Data provided Start Marker

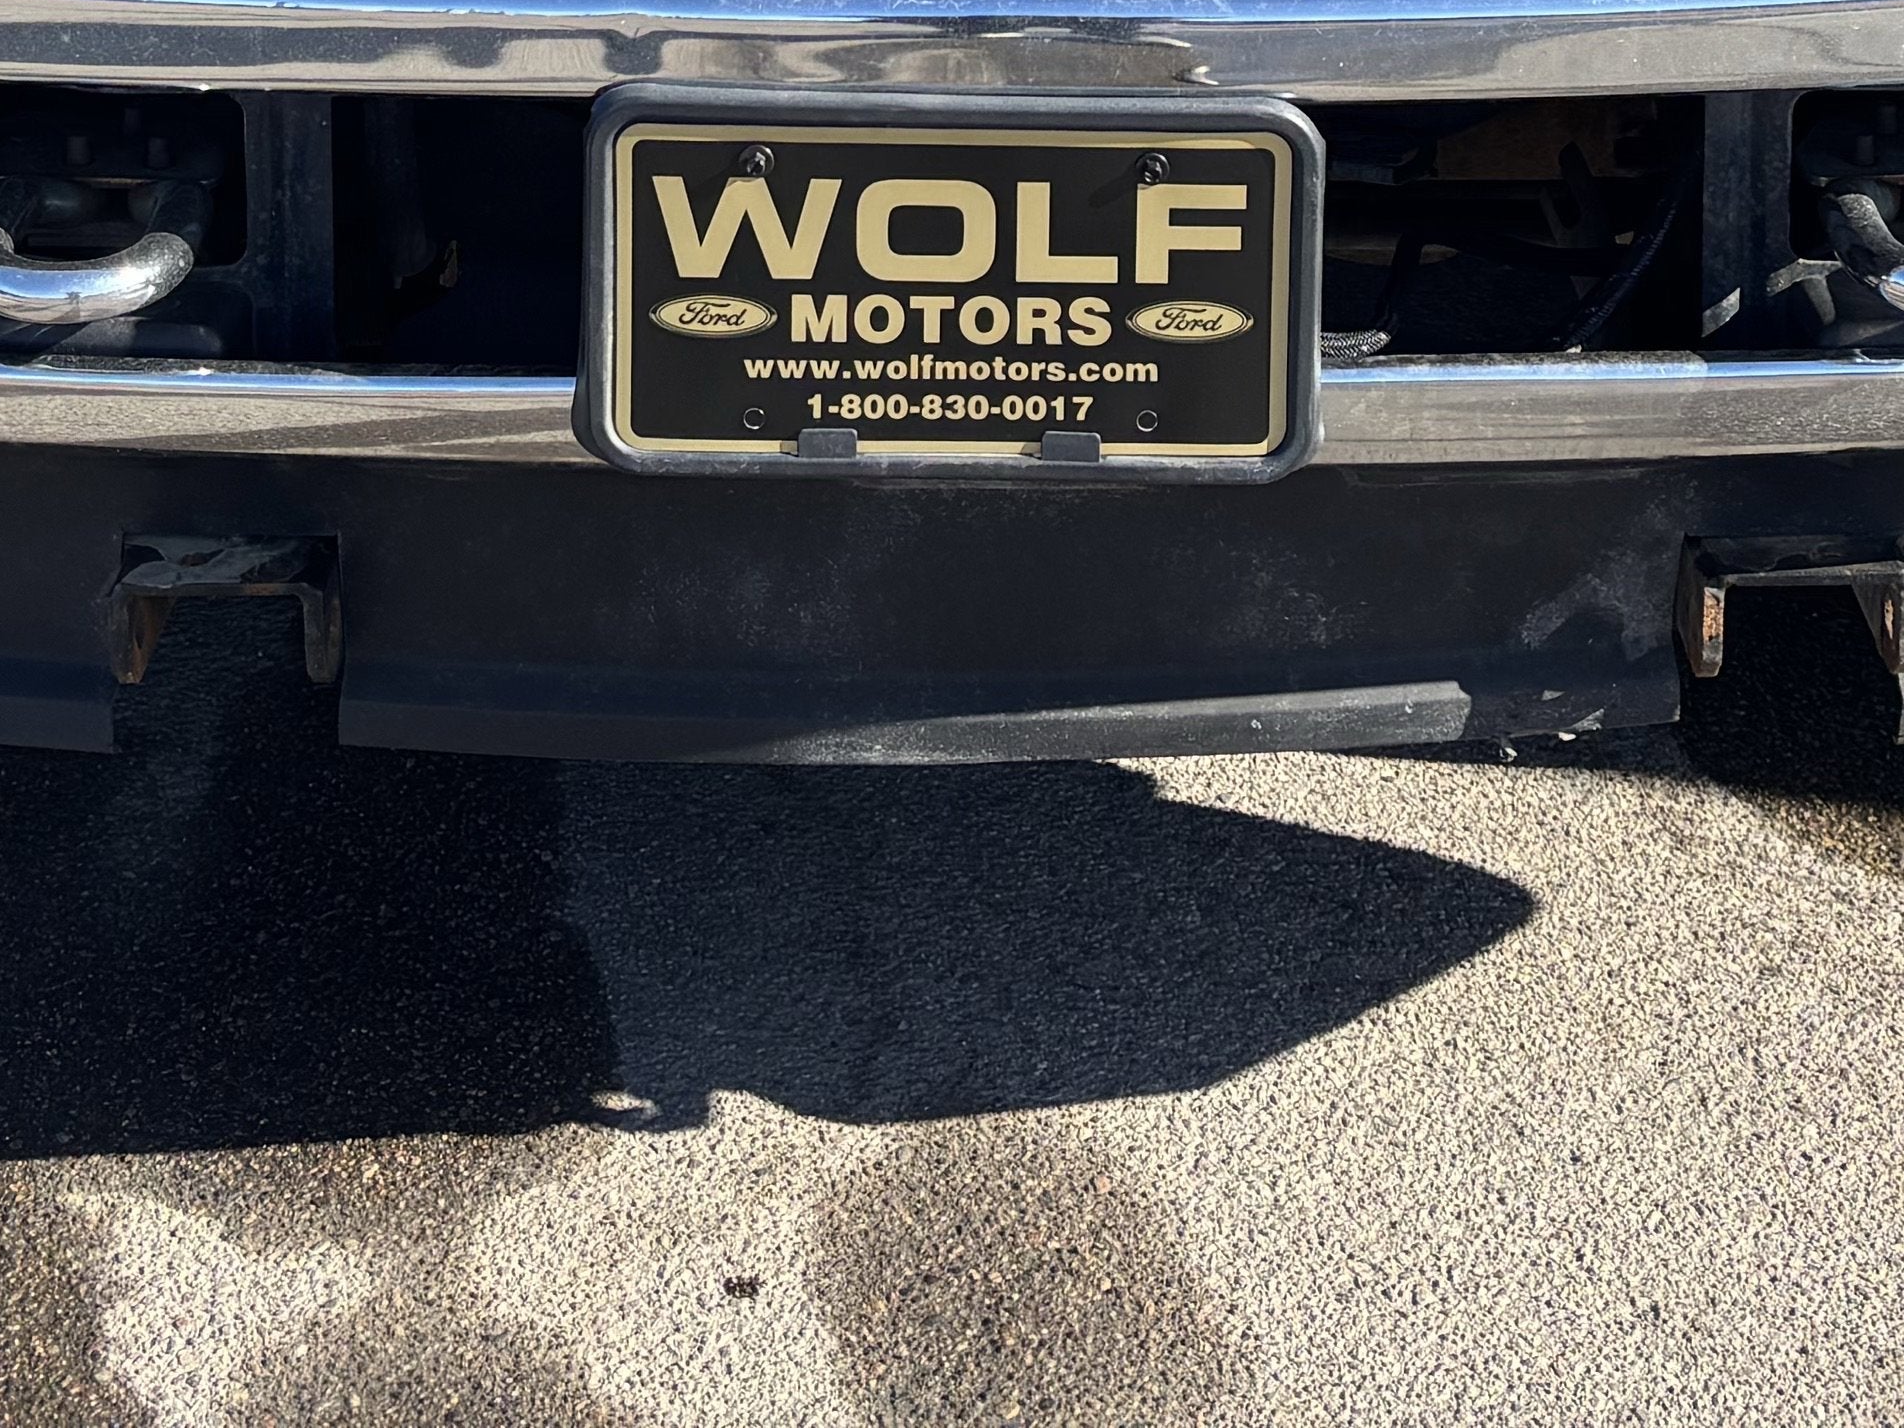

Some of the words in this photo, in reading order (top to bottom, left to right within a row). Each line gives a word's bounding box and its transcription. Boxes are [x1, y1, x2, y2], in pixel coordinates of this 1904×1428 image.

[651, 175, 1248, 284] WOLF
[679, 301, 747, 326] Ford
[791, 294, 1113, 346] MOTORS
[1155, 307, 1223, 331] Ford
[743, 354, 1159, 382] www.wolfmotors.com
[807, 393, 1094, 421] 1-800-830-0017
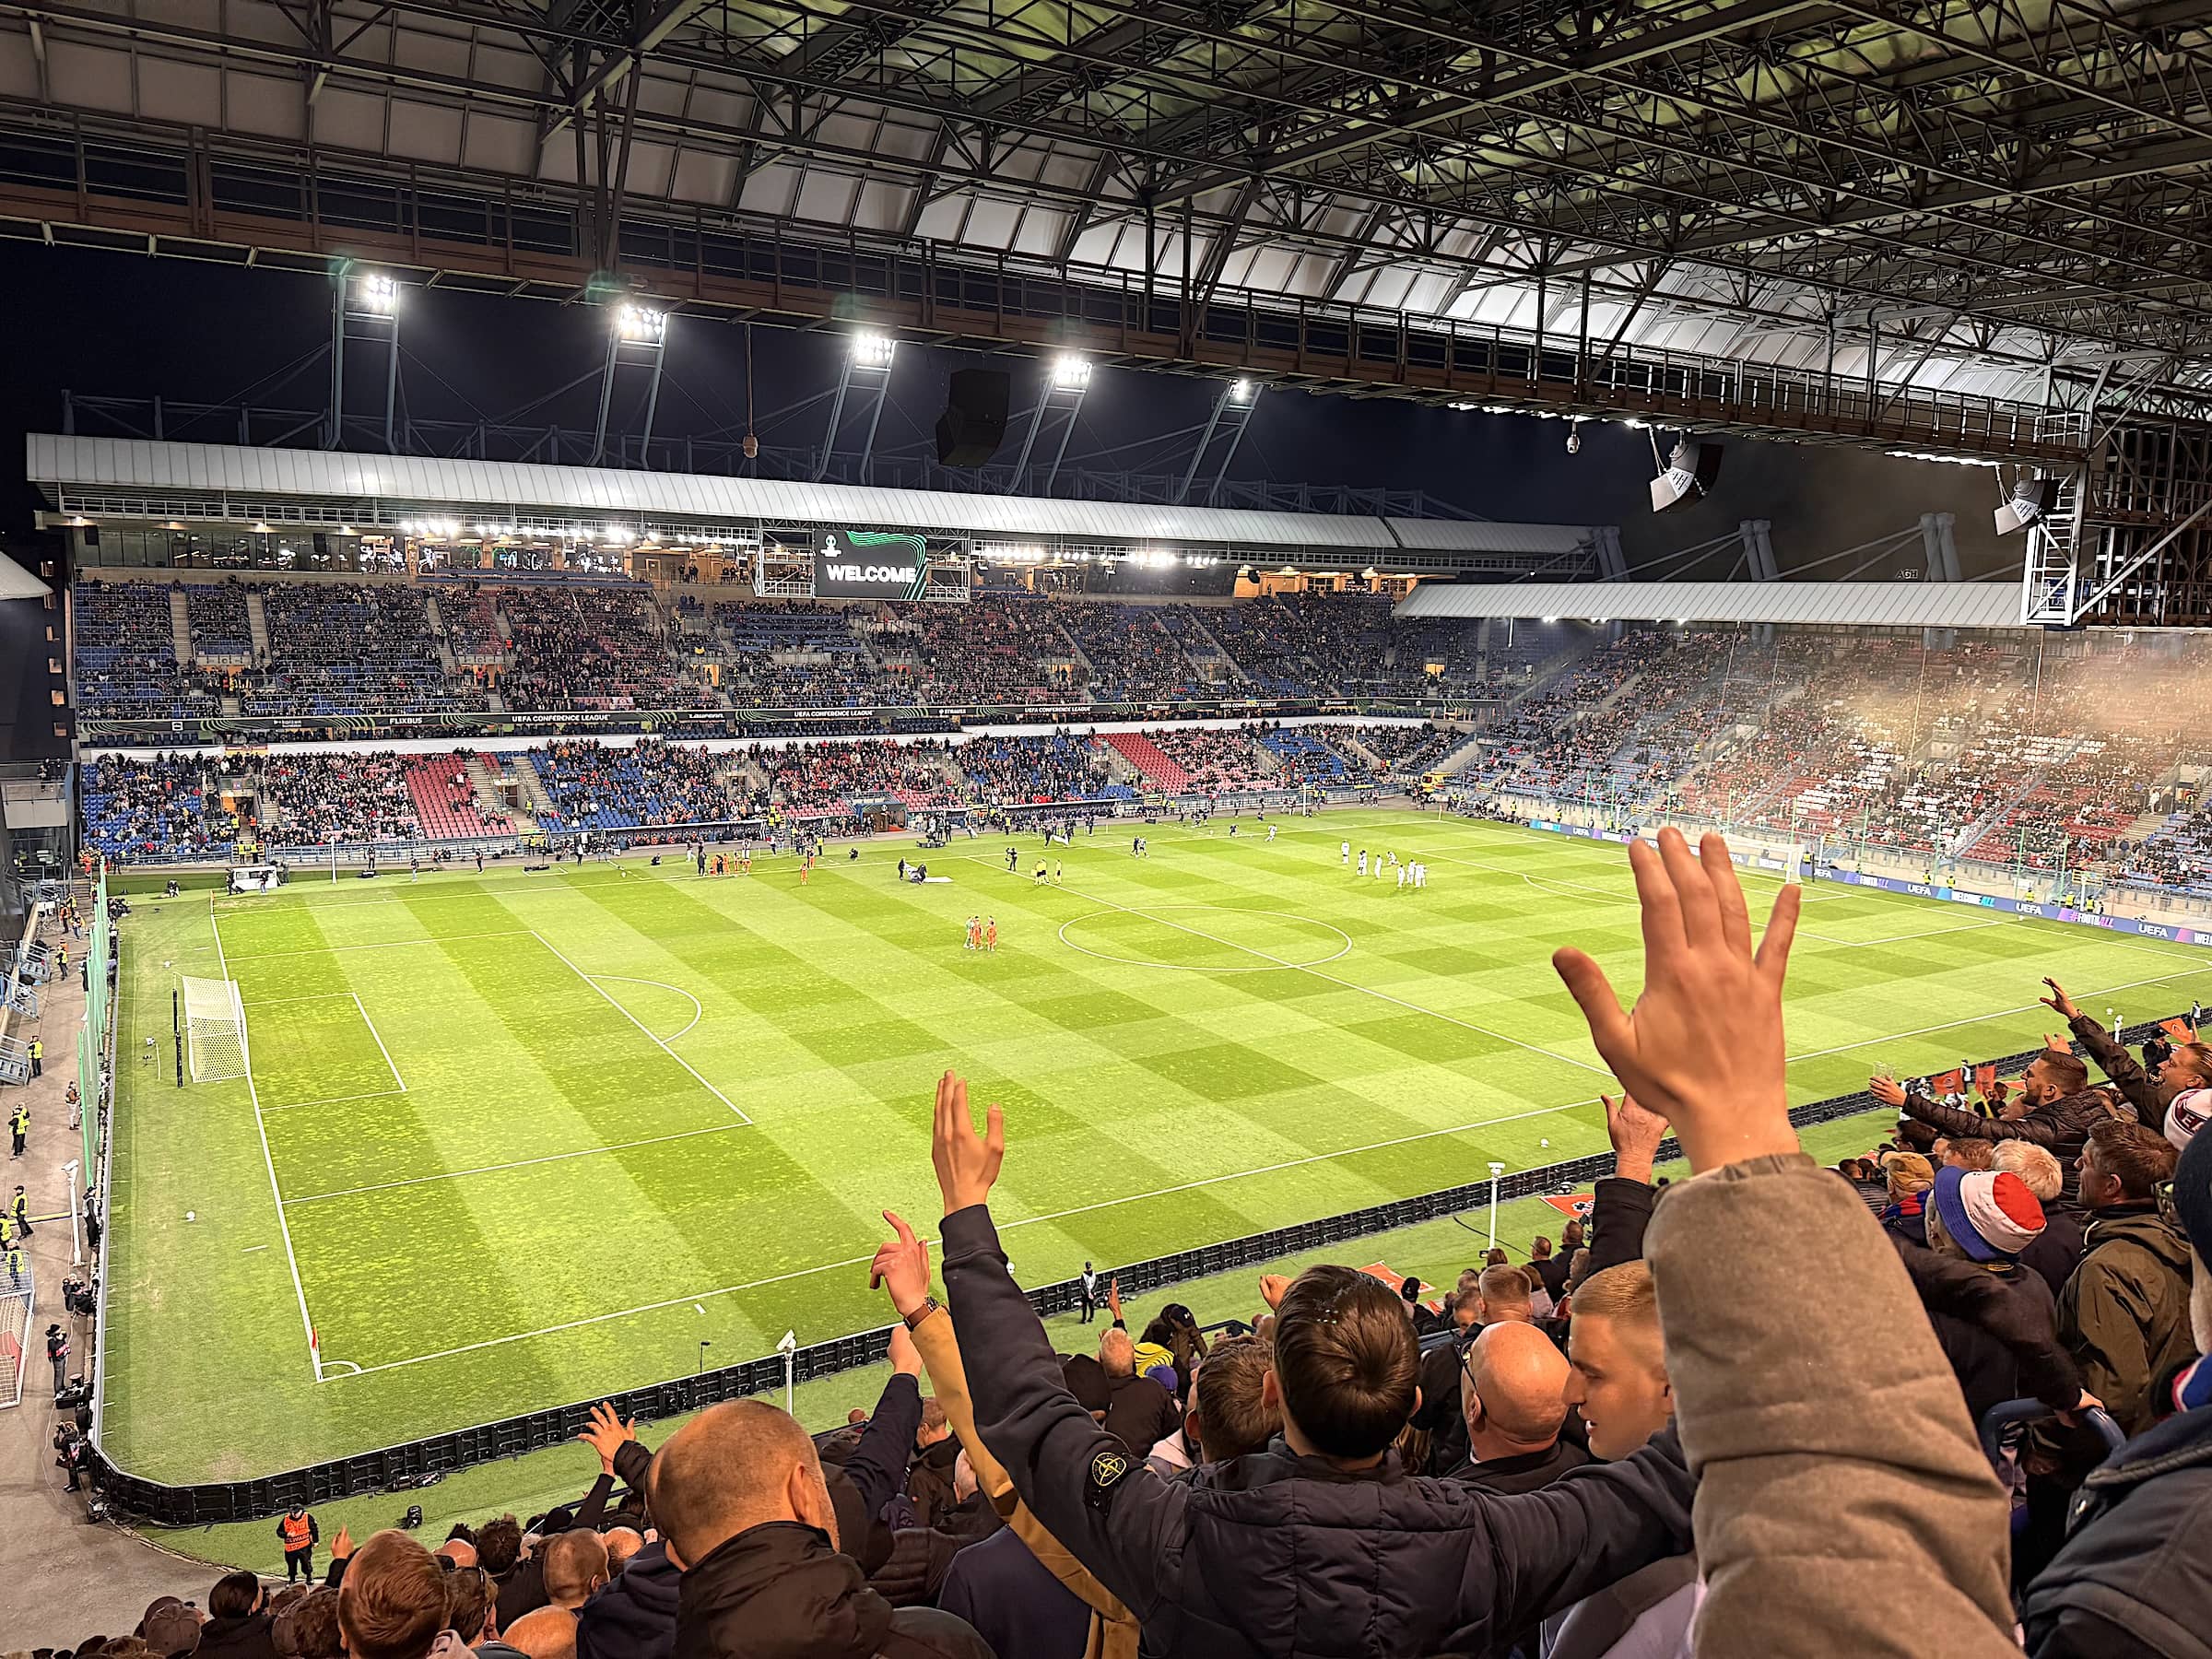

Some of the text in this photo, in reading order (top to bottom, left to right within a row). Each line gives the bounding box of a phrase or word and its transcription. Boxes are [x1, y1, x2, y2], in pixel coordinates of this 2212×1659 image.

Data provided End Marker

What is required:
Skipping the pictures, output the entries exactly as they appear above.

Response to this task:
Some of the words in this photo, in reading order (top to bottom, left to right within a row). Each line gives a word's bounding box and its transcription. Boxes are [x1, y1, x2, y2], in pixel coordinates of this 1904×1428 image.

[651, 175, 1248, 284] WOLF
[679, 301, 747, 326] Ford
[791, 294, 1113, 346] MOTORS
[1155, 307, 1223, 331] Ford
[743, 354, 1159, 382] www.wolfmotors.com
[807, 393, 1094, 421] 1-800-830-0017

Some of the text in this photo, in reading order (top to bottom, left to right within a row). Each line gives the bounding box of a phrase or word and its transcription. Boxes are [x1, y1, x2, y2], in pixel coordinates of this 2212×1659 image.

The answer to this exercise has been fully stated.